Start of DATA SUPPLIED

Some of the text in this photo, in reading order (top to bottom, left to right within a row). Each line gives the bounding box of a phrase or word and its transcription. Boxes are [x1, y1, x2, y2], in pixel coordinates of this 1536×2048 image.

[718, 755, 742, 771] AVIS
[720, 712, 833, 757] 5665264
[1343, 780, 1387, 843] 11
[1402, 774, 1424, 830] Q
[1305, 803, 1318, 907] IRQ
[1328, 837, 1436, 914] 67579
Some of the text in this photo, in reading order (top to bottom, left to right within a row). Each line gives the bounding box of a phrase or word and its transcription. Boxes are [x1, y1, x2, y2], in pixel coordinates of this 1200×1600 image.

End of DATA SUPPLIED

**PROBLEM TO WORK ON**
Please retype all of the material above, keeping it exact.

**TASK RESPONSE**
Some of the text in this photo, in reading order (top to bottom, left to right within a row). Each line gives the bounding box of a phrase or word and its transcription. Boxes are [x1, y1, x2, y2], in pixel coordinates of this 1536×2048 image.

[718, 755, 742, 771] AVIS
[720, 712, 833, 757] 5665264
[1343, 780, 1387, 843] 11
[1402, 774, 1424, 830] Q
[1305, 803, 1318, 907] IRQ
[1328, 837, 1436, 914] 67579
Some of the text in this photo, in reading order (top to bottom, left to right within a row). Each line gives the bounding box of a phrase or word and its transcription. Boxes are [x1, y1, x2, y2], in pixel coordinates of this 1200×1600 image.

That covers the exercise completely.